__Brief__
Copy the entries below exactly. Images do not belong in the copy.

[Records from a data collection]
....

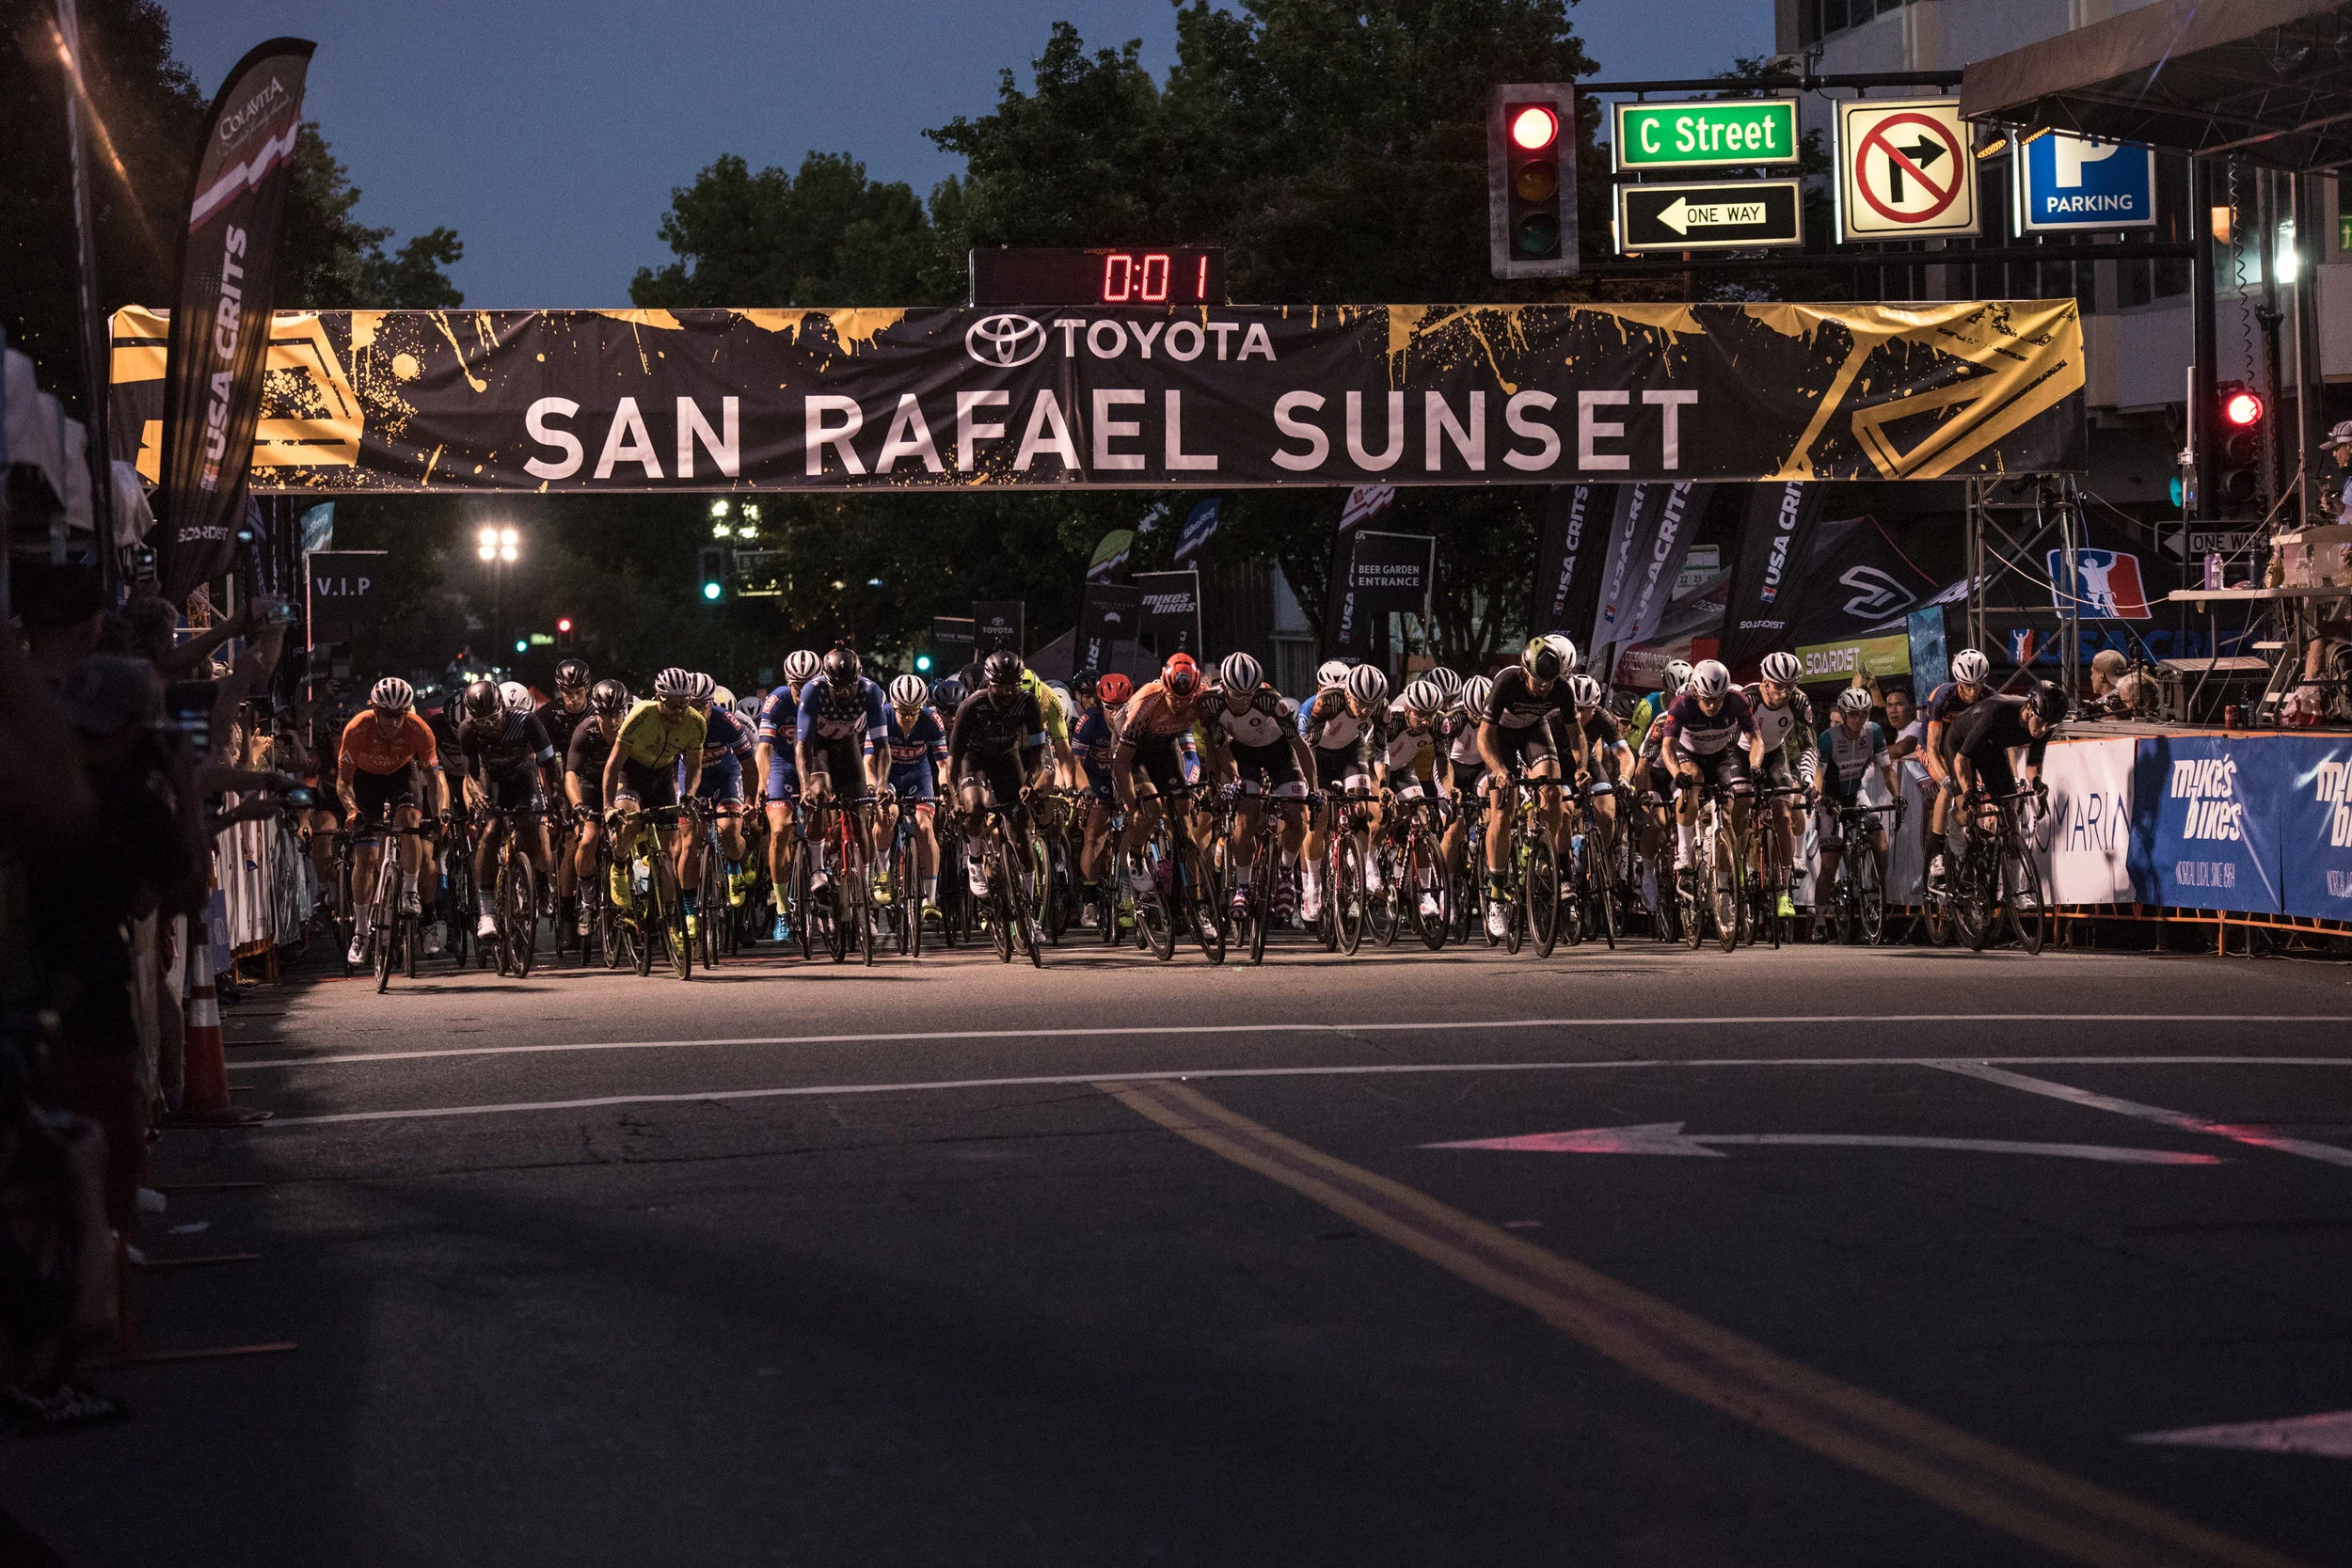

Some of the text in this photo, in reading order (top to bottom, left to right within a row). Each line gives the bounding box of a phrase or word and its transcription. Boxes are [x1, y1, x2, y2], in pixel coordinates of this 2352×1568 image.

[219, 76, 284, 140] COLAVITA
[1641, 114, 1776, 152] C Street
[1687, 204, 1760, 225] ONE WAY
[2046, 194, 2134, 214] PARKING
[206, 224, 247, 461] USA CRITS
[1054, 319, 1277, 361] TOYOTA
[523, 388, 1700, 480] SAN RAFAEL SUNSET
[1625, 483, 1648, 539] CRIT
[1654, 483, 1692, 562] CRITS
[1557, 484, 1589, 601] USA CRITS
[1765, 482, 1804, 587] USA CRIT
[2193, 534, 2224, 550] ONE
[1359, 565, 1420, 575] BEER GARDEN
[1359, 577, 1420, 587] ENTRANCE
[1739, 620, 1786, 630] SOARDIST
[1805, 647, 1861, 676] SOARDIST

....

__Exercise output__
Some of the text in this photo, in reading order (top to bottom, left to right within a row). Each line gives the bounding box of a phrase or word and its transcription. Boxes are [x1, y1, x2, y2], in pixel coordinates of this 2352×1568 image.

[219, 76, 284, 140] COLAVITA
[1641, 114, 1776, 152] C Street
[1687, 204, 1760, 225] ONE WAY
[2046, 194, 2134, 214] PARKING
[206, 224, 247, 461] USA CRITS
[1054, 319, 1277, 361] TOYOTA
[523, 388, 1700, 480] SAN RAFAEL SUNSET
[1625, 483, 1648, 539] CRIT
[1654, 483, 1692, 562] CRITS
[1557, 484, 1589, 601] USA CRITS
[1765, 482, 1804, 587] USA CRIT
[2193, 534, 2224, 550] ONE
[1359, 565, 1420, 575] BEER GARDEN
[1359, 577, 1420, 587] ENTRANCE
[1739, 620, 1786, 630] SOARDIST
[1805, 647, 1861, 676] SOARDIST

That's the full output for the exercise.